Saturday, November 30, 2013

KUNENE RIVER TRIP TO COLLECT PRAWNS AT OTJINUGUA (MARIENFLUSS) 30/09/2013-05/10/2013

Freshwater prawn from the Kunene river
Report by: 
A. Ngulu, M.N Ekandjo,  Le Diep Lan, O. Ndikwetepo  and Le Thien Ly

Background information preceding the trip
Prawn breeding and rearing is one of the objectives of the South-South Cooperation (SSC). This task is to be carried out at Ongwediva office. As per recommendations given by the FAO consultant, Dr. Francois Rajts, Ongwediva office was tasked to collect prawn brooders during the course of September to October, from the Kunene River. Previous collections have been done at the Kunene River Mouth by the Swakopmund staff together with the North-west staffs.

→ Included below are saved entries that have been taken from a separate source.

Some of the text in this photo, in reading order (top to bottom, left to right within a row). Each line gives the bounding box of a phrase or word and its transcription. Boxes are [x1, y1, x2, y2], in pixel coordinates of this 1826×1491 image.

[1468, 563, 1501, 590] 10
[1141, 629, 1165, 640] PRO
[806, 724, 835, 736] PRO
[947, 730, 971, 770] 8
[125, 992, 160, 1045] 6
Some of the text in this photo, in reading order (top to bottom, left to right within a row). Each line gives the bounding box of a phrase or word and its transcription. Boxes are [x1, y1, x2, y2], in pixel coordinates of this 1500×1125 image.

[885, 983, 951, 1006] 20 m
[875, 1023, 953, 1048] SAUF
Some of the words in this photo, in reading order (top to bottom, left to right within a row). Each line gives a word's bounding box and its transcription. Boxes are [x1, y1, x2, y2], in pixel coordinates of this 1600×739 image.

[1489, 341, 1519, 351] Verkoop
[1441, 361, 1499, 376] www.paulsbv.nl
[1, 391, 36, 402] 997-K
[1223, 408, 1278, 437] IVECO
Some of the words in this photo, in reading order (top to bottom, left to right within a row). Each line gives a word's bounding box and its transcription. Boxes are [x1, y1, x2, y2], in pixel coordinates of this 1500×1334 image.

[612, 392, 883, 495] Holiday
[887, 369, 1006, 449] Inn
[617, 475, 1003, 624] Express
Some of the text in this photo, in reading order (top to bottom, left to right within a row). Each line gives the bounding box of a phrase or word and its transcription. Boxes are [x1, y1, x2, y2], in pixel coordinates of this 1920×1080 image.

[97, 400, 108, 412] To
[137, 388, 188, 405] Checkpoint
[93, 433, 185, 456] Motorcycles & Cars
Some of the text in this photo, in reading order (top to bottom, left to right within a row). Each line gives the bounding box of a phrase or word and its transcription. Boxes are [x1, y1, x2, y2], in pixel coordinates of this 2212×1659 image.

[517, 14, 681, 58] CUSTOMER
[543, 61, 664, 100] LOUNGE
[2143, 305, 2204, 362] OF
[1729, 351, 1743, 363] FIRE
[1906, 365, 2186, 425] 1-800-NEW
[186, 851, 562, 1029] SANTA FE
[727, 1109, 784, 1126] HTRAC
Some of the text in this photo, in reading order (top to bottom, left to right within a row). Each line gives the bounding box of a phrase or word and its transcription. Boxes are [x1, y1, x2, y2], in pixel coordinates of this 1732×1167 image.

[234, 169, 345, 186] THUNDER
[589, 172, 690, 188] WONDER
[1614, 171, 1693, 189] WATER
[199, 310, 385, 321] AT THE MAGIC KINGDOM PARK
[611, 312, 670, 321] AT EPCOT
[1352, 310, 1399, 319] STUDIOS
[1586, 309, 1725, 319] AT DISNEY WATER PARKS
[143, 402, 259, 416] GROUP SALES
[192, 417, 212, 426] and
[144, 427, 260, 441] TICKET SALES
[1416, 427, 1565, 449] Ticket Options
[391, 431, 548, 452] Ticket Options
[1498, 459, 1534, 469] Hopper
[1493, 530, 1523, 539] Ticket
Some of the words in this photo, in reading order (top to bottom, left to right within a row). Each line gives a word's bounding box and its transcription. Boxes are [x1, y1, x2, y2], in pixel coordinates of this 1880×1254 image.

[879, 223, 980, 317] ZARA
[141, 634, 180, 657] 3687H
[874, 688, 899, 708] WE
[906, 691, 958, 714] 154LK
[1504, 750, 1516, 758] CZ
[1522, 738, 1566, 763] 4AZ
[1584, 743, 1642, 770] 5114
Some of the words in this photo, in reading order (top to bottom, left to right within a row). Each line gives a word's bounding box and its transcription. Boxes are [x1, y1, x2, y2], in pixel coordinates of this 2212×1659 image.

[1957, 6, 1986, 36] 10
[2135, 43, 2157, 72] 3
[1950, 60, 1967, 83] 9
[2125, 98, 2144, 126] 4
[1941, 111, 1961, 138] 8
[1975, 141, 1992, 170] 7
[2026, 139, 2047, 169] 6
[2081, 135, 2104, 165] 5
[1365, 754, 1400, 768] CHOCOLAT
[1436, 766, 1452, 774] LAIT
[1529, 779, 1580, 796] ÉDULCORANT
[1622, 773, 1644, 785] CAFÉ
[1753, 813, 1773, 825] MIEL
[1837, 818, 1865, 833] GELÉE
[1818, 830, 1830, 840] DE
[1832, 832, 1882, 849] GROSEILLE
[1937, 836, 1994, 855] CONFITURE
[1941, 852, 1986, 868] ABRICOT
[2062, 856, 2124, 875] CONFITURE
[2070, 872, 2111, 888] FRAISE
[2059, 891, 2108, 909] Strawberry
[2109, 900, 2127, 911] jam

This area is known to support a larger population of these aquatic organisms as they are known to be breeding there.

The Kunene River Mouth is within a Nature Reserve and at the same time a mineral protected area. Therefore for one to access this area, you need two permits, one from the Ministry of Environment and Tourism and Mines and Energy respectively. As narrated by one staff member that once travelled to the Kunene River Mouth, the road towards the mouth is very bad, it runs along the coast, whereby it may be damp at some point, with other parts passing through the sand dunes. There is no filling stations therefore one need to carry extra fuel. This seems to have discouraged the consultant as he opted for a better accessed site. According to the consultant, in other African rivers the African Fresh Water Prawn are widely distributed and may be collected at any point along the River stretch and believed that should be the case with the Kunene River. The local staff who have experience on the Kunene River through Annual Fisheries Biological Surveys, had tried to advise the consultant on how difficult can it be to collect prawns along the Kunene River stretch, given its flow regime (fluctuation in both flow and water levels).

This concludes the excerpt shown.